> TASK TO COMPLETE: Leaving out any pictures, transcribe every record exactly.
*** Opening INPUT MATERIAL ***
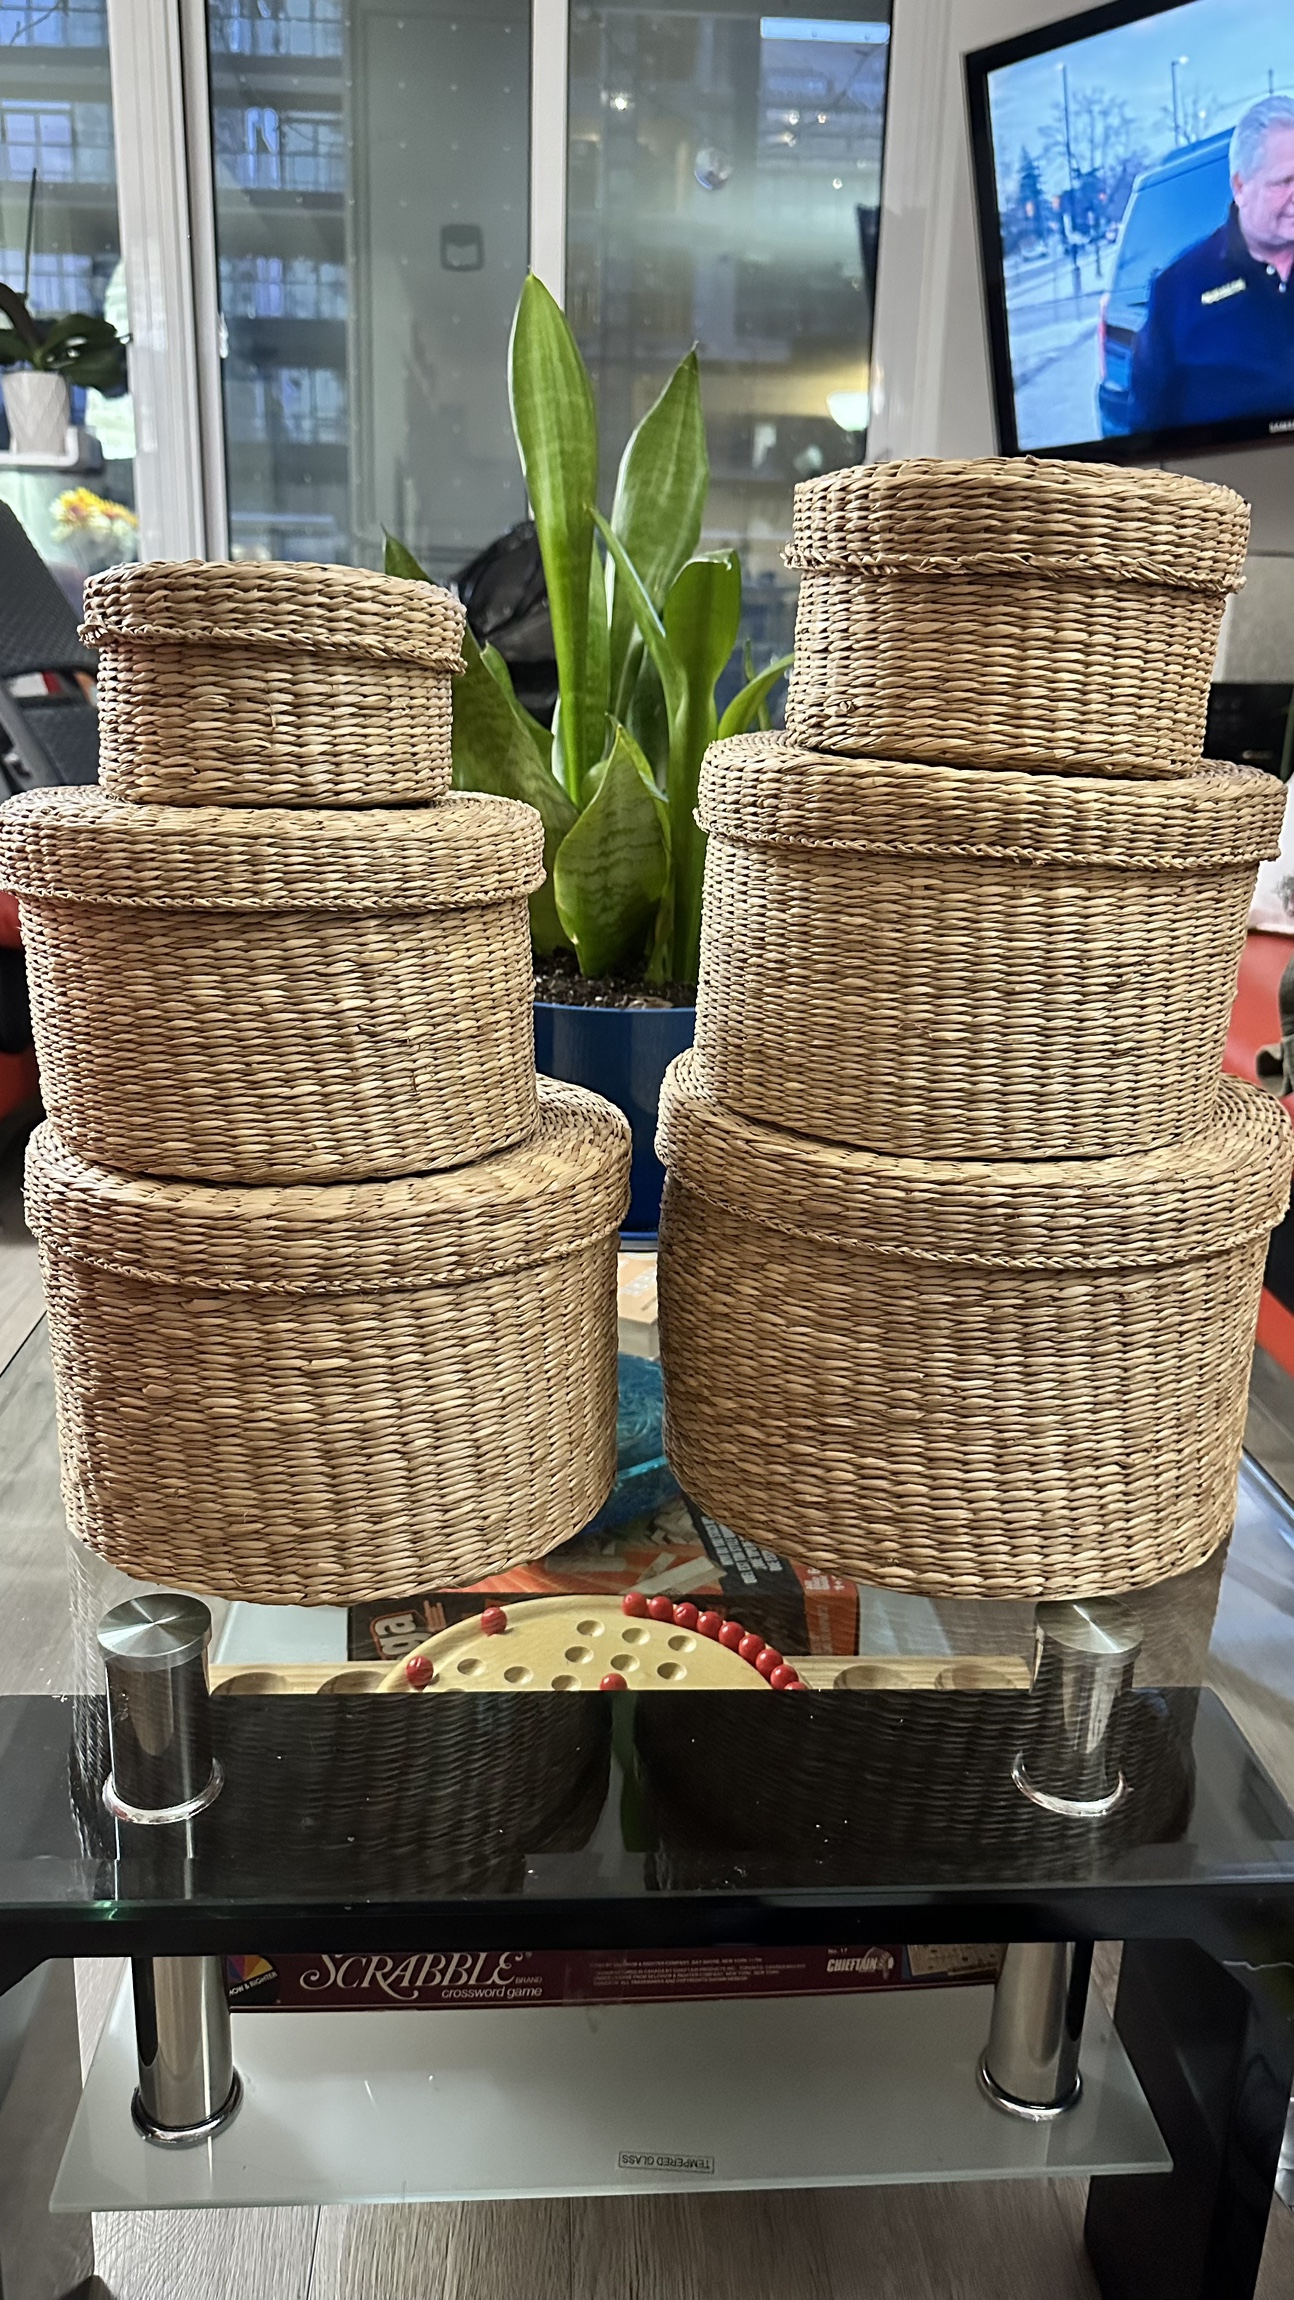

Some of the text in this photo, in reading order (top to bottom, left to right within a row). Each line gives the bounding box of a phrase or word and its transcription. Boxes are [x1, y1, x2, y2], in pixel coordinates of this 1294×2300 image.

[827, 1958, 878, 1972] CHIEFTAIN
[300, 1952, 523, 2000] SCRABBLE
[515, 1977, 543, 1985] BRAND
[441, 1986, 542, 1999] crossword game
[622, 2155, 709, 2169] TEMPERED GLASS
*** Closing INPUT MATERIAL ***
> RESPONSE TO THE EXERCISE:
Some of the text in this photo, in reading order (top to bottom, left to right within a row). Each line gives the bounding box of a phrase or word and its transcription. Boxes are [x1, y1, x2, y2], in pixel coordinates of this 1294×2300 image.

[827, 1958, 878, 1972] CHIEFTAIN
[300, 1952, 523, 2000] SCRABBLE
[515, 1977, 543, 1985] BRAND
[441, 1986, 542, 1999] crossword game
[622, 2155, 709, 2169] TEMPERED GLASS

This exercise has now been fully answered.